April 21, 2014 at 6:58 am
I wanted to bring something to Easter dinner at my friends Meg and Harold’s place because they were nice enough to invite me over and save me from spending the day alone, biting the ears off chocolate bunnies. I thought it would be a perfect opportunity to try the recipe for Jell-O 1 2 3 I’d found on the Internet years ago and had always wanted to try. They stopped selling Jell-O 1 2 3 mix in the 90’s, and since then it’s been the food product I miss second most, right after Almost Home Sugar Cookies.
Let’s just say the experiment did not reach a happy conclusion. Although the end product tasted fairly good, it was only one layer instead of three. I’d also used cherry Jell-O, so it looked like I’d made a big bowl of congealed pig’s blood for dessert. I ended up buying a cheesecake from the store instead and was grateful Harris Teeter is open on Easter. Afterwards I went online to see if I could figure out what went wrong with the recipe. Perhaps my Cool Whip to Jell-O ratio was off? Did I not blend it long enough? I asked Google and when I scrolled down the first page of results I saw this:
It was a link to my old blog, an entry called PastaQueen’s Not-So-Secret Recipes: Jell-O 1-2-3. Yes, dear readers, it turns out I not only tried to make Jell-O 1 2 3 before, I also forgot that I’d tried to make Jell-O 1 2 3 before. I’m betting some of my longtime readers figured this out after reading the first paragraph, saying to themselves, “Wait, didn’t she already make that a few years ago?” I was clueless until Google clued me in. I documented the process with images, which is the only reason I believe this must have happened, though I have no real memory of it. In fact, one of the images Google displayed at the top of the search results page was of my own experiment, which I had completely overlooked!

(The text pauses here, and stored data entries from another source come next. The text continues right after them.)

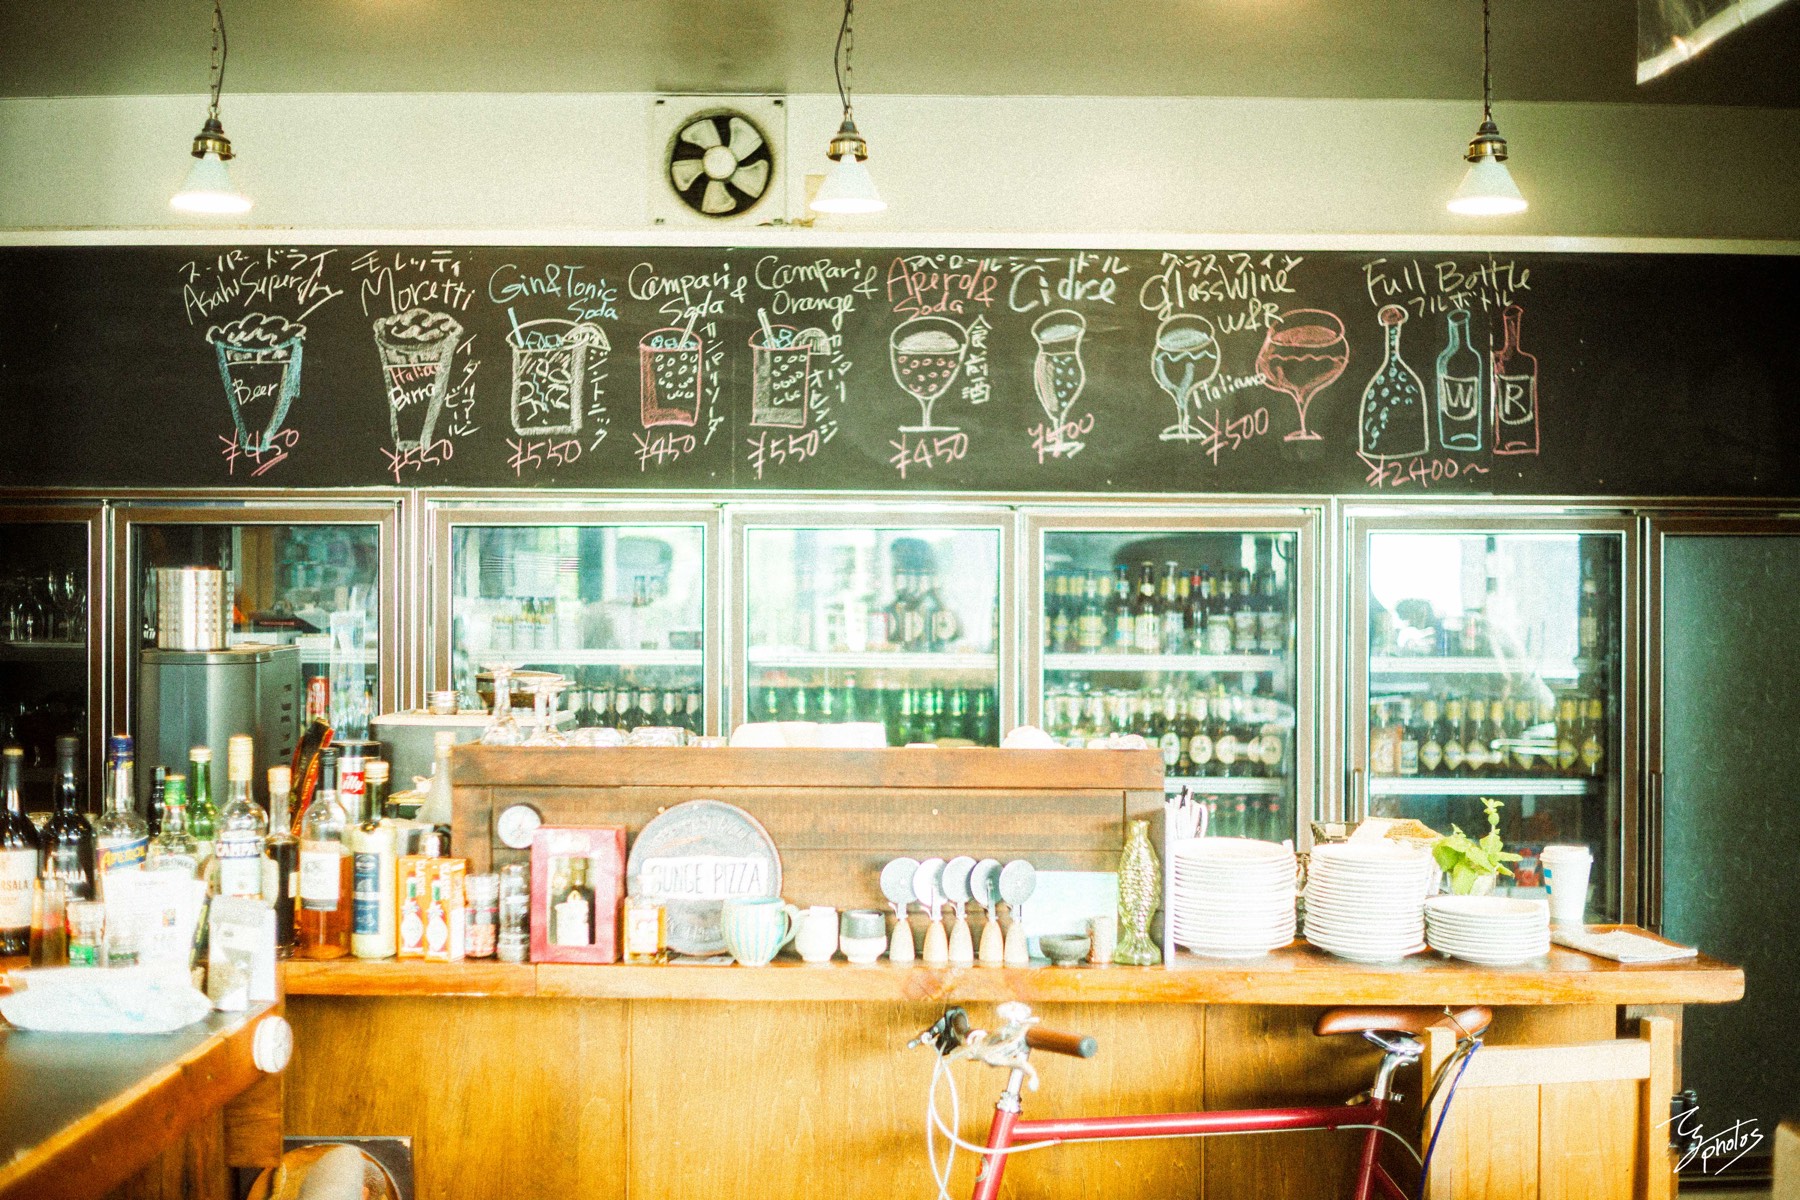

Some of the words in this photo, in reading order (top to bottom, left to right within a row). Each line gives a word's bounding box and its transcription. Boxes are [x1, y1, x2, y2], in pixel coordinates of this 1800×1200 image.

[361, 266, 476, 317] Moretti
[1008, 256, 1116, 313] Cidre
[1362, 257, 1427, 307] Full
[1435, 259, 1532, 294] Bottle
[567, 297, 619, 323] Soda
[659, 290, 725, 326] Soda
[772, 289, 856, 332] Orange
[893, 296, 964, 322] Soda
[232, 378, 279, 406] Beer
[1445, 382, 1474, 409] W
[1504, 383, 1527, 415] R
[632, 430, 696, 472] ¥450
[746, 430, 819, 480] ¥550
[888, 432, 969, 480] ¥450
[1197, 406, 1269, 467] ¥500
[505, 437, 582, 477] ¥550
[341, 773, 364, 793] illy
[713, 861, 762, 895] PIZZA
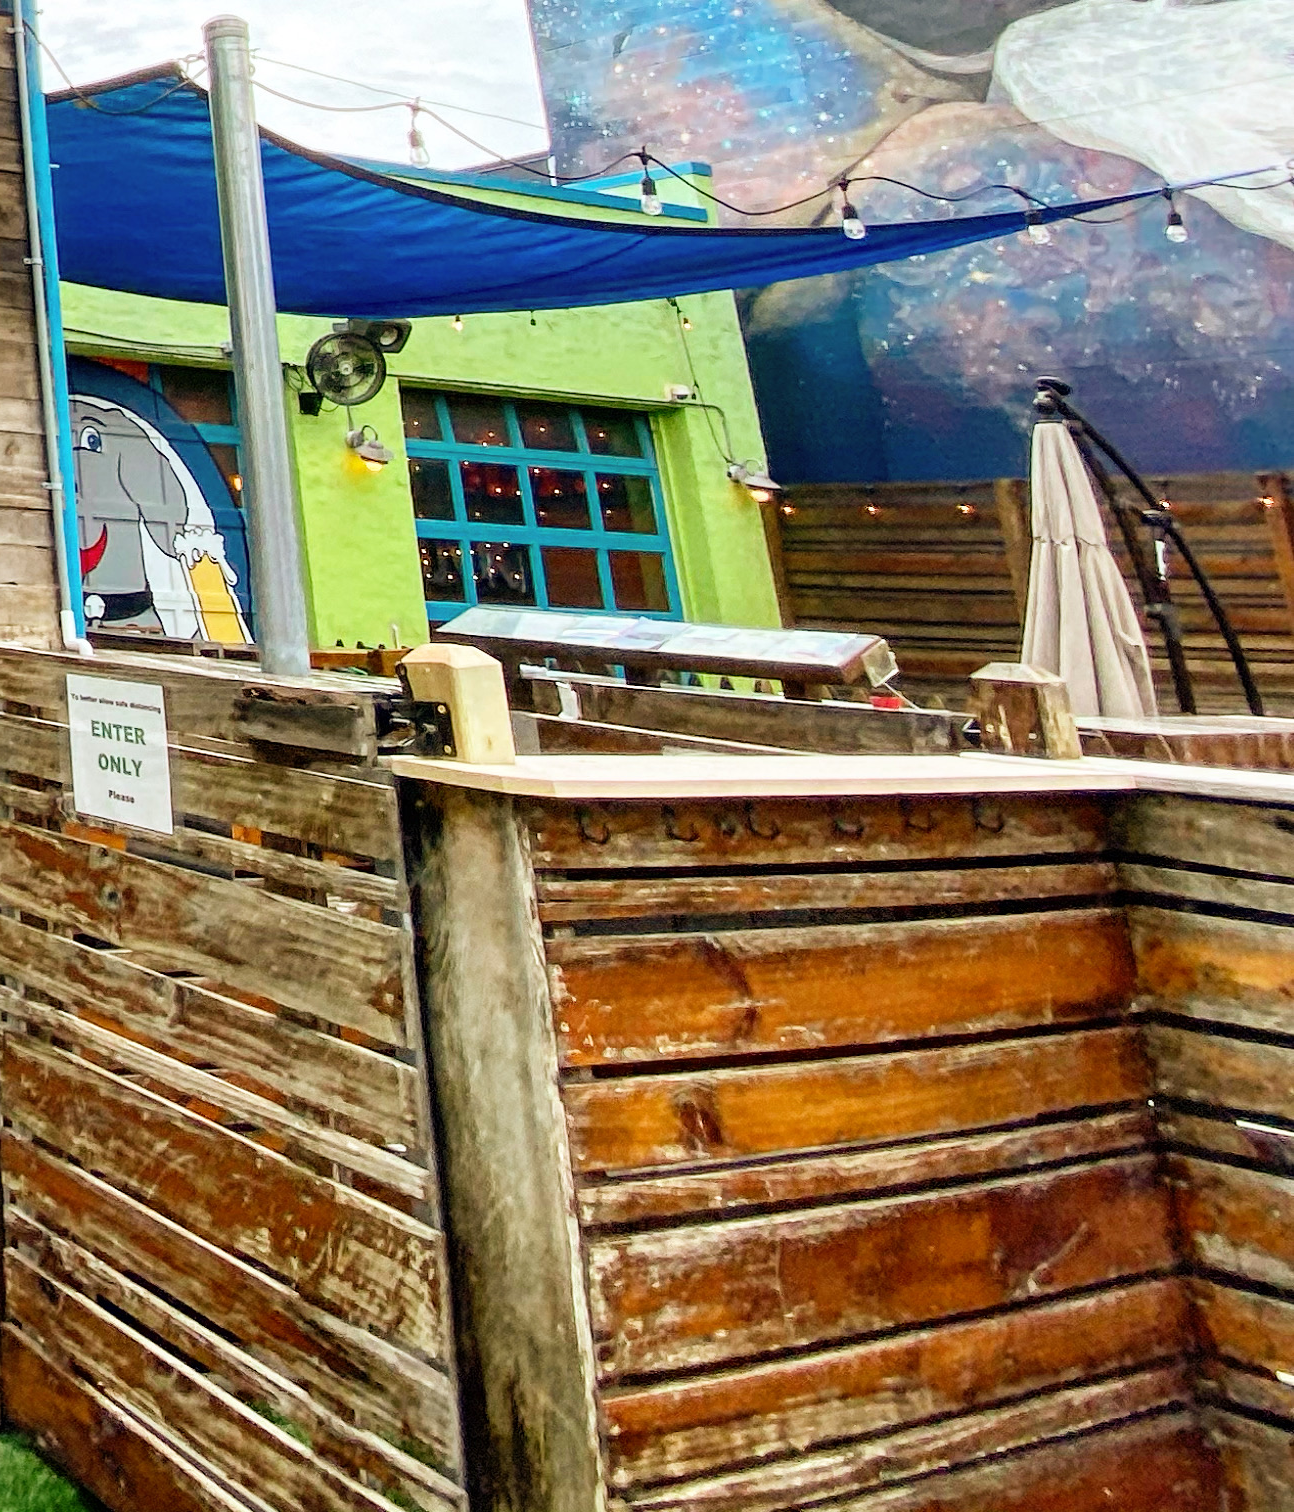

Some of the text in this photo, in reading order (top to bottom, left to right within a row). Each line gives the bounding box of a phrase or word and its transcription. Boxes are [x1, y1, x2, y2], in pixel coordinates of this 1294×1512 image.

[91, 719, 146, 745] ENTER
[98, 753, 143, 777] ONLY
[108, 789, 135, 804] Please

I’ve drawn two main lessons from this incident. The first is, that as disturbing as it might be to admit, we forget most of our lives. Yeah, we remember the important things, the life-changing moments good and bad, the surprises. But the time I spend flossing or making coffee or driving to work etc. etc. is not going to be remembered several days from now. The time I spent making a dessert forgotten by time is not memorable enough to make my life’s greatest hits list. There are a handful of people who have amazing autobiographical memory, called Hyperthymesia, who can remember practically everything that’s happened to them. I don’t know if that’s good or bad, but I’m definitely not one of them nor are most of us.

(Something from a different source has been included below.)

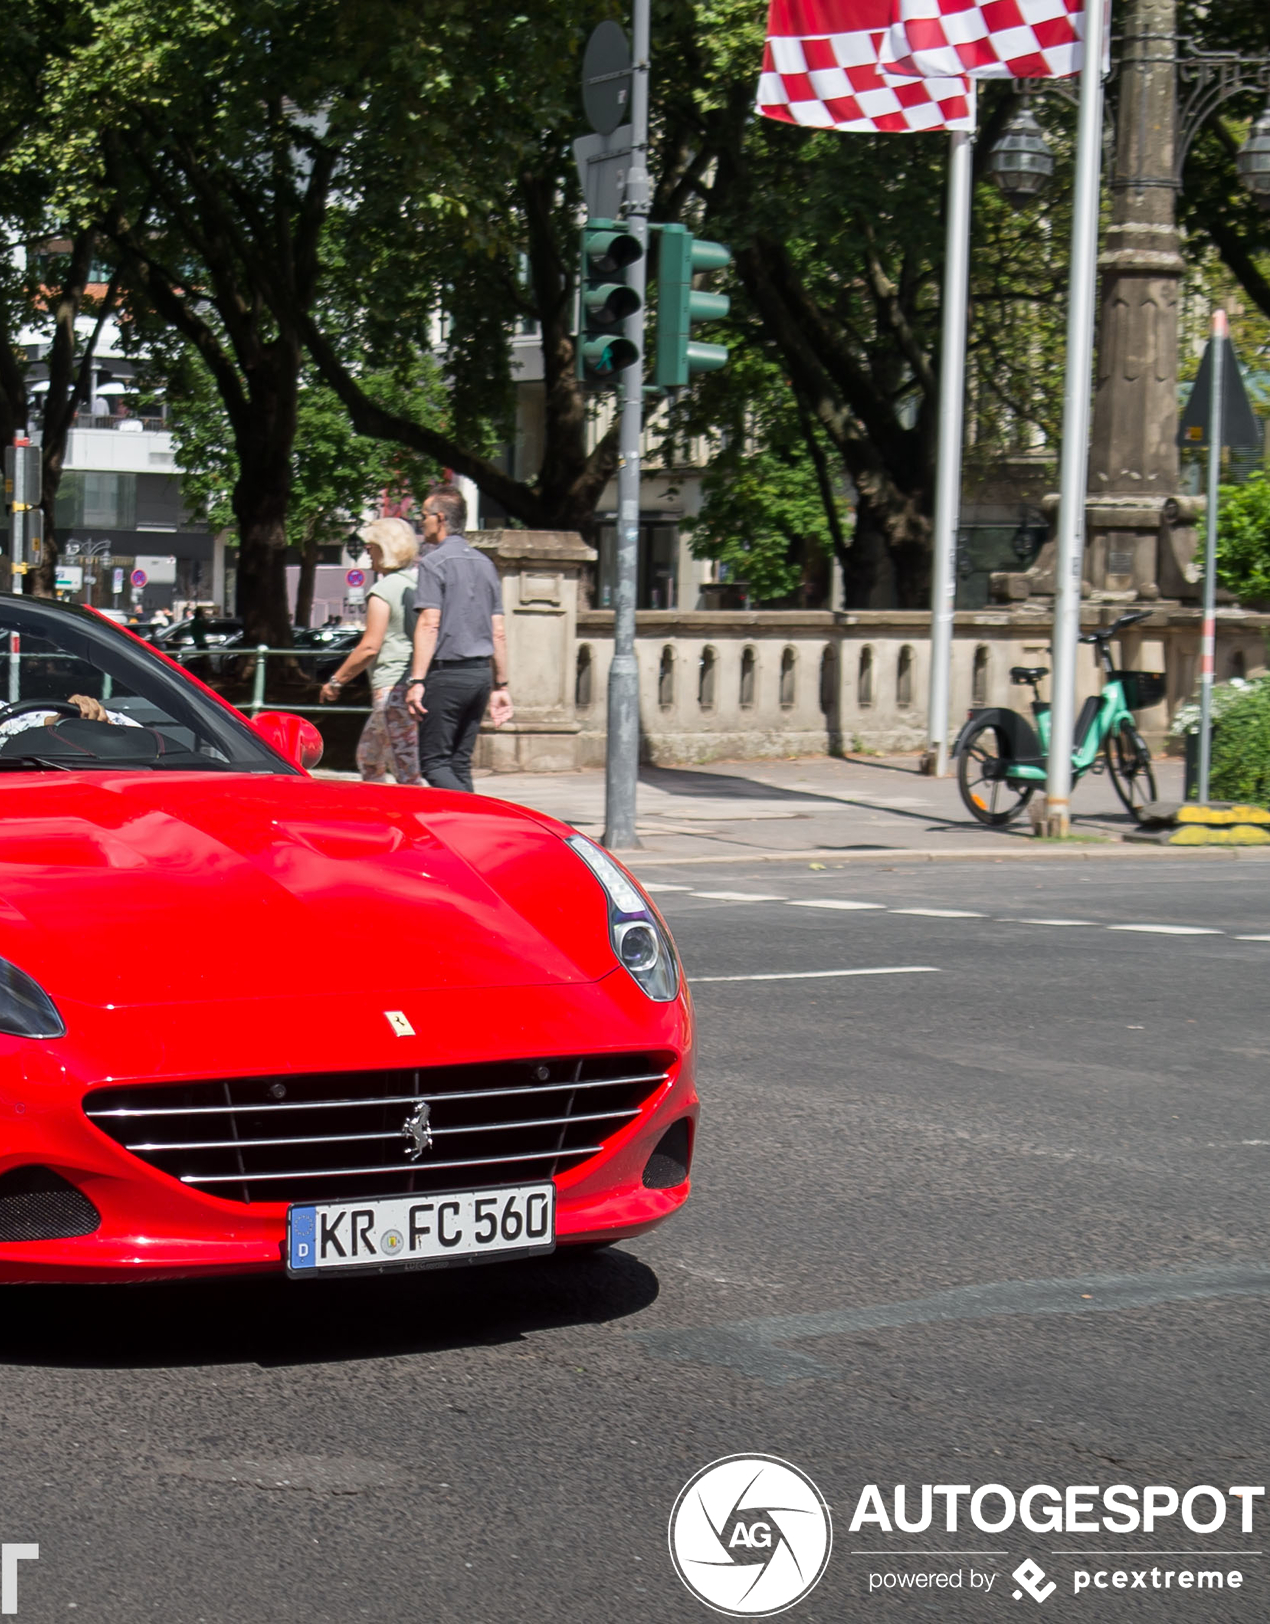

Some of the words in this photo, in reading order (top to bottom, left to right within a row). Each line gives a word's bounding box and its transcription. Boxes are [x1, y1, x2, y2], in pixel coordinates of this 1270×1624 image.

The second lesson is that our forgetfulness is one of the single best arguments for keeping a journal or a blog. I like to remember what I’ve forgotten. Had I not blogged about my Jell-O experiment I would have no idea I’d forgotten it. What other things have I forgotten about my life that I’ll never know about because I didn’t document them? One of the things I regret the most about not blogging as much lately is knowing that I am losing the experiences and thoughts I’ve had in that time. The Jell-O post was published five years and seven months ago. I have no way of knowing how I will have changed in another five years and seven months, but I’d like the opportunity to reflect on those changes after they happen, even if the person I am now might be embarrassing to the person I will be. Our past selves are almost always embarrassing in some way, aren’t they?
If I don’t remember the things that happen to me, I seem to be doomed to repeat them. It makes me think of an episode of RadioLab I heard in which a woman temporarily loses the ability to make short term memories. (Start at the 6:40 mark.) She got better within a day, don’t worry. But while she was sick she could only remember the last two minutes, so she got stuck in a loop asking the same questions over and over again and reacting in the same way over and over again. It’s sort of funny and also sort of scary that our reactions to events could be so predictable.
I seem to be stuck in a loop in which I discover a recipe for Jell-O 1 2 3 and think that I should try that. Then I forget and rediscover the recipe and try it all over again. Even if I don’t remember all my thoughts or opinions or how I’ve changed over the years, at the very least I’d like to remember that I should never attempt to make Jell-O 1 2 3 again. It’s a lost cause, Jennette! Don’t do it! Please remember to read this five years and seven months from now.